Dynamic Similarity / Reynolds Number

[lizzyb]

Question from Text

Gas (rho = 5.25 kg/m^3, v = 2.0 x 10^-5 m^2/s) is flowing in a 20-mm-diameter pipe. When a gas flowmeter measures the flow as being 0.064 kg/s, it registers a pressure drop of 8.5 kPa. Investigators plan to test an enlarged model that is geometrically similar in a 180-mm-diameter pipe.
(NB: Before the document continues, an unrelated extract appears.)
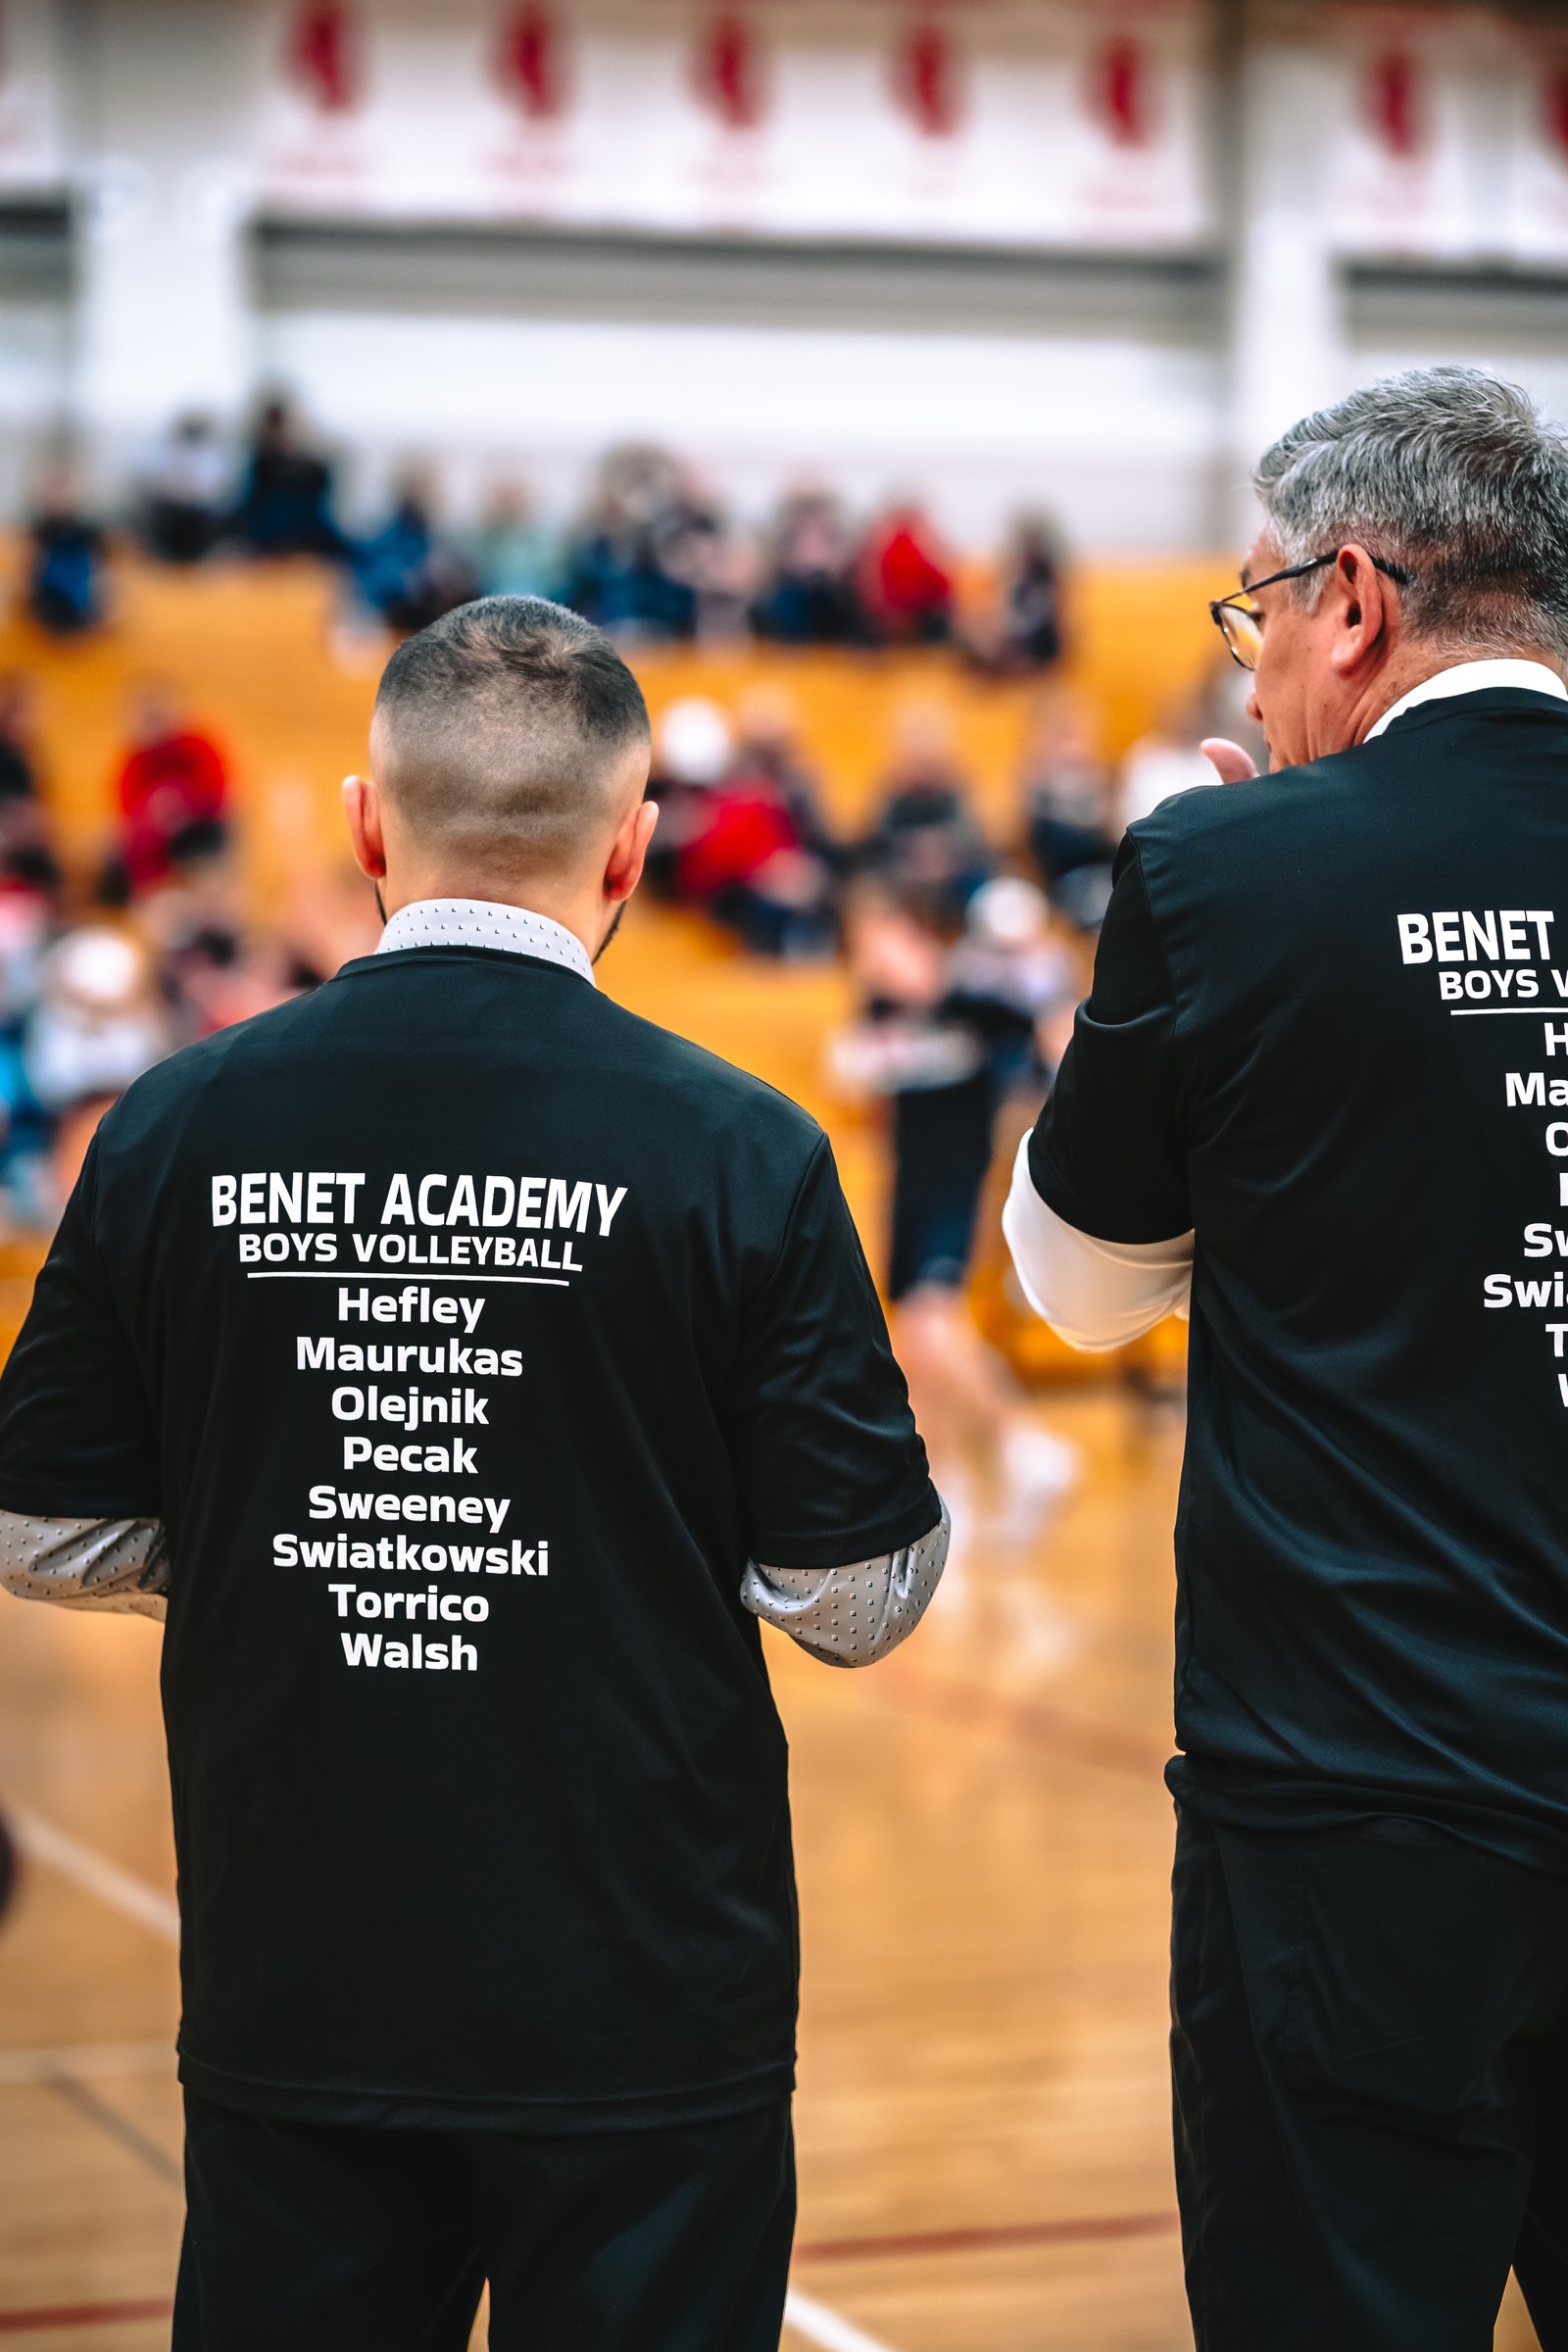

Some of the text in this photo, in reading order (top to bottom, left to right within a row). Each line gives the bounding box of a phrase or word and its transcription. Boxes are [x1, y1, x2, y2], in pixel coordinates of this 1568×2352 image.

(a) What flow rate at 25 'C water will achieve dynamic similarity?
(b) What would the pressure drop across the water meter be?

Relevant Equations/Info

When T=25'c, H2O: rho = 997.0 kg/m^3 ; v = 0.893 x 10^-6 m^2/s.

R = F_I/F_V

The book gives a table of "flow characteristics and similitude scale ratios (ratio of prototype quantity to model quantity)"; for answering (a), I'll use the one for Mass and Time:

Dimension M: (L^3 rho)_r
Dimension T: (L^2 rho / mu)_r

Work done thus far

So I'm wondering if I'm using the table correctly:

(M/T)_r = (L^3 rho)_r / (L^2 rho / mu)_r = (L mu)_r

expanding:

Flow_p / Flow_m = (L_p mu_p) / (L_m mu_m)

so

Flow_p = (L_p mu_p Flow_m) / (L_m mu_m) = (.18 * [997.0 * 0.893 x 10^-6] * 0.064) / (.02 * [ 5.25 * 2.0 x 10^-5 ]) = 4.88 kg/s.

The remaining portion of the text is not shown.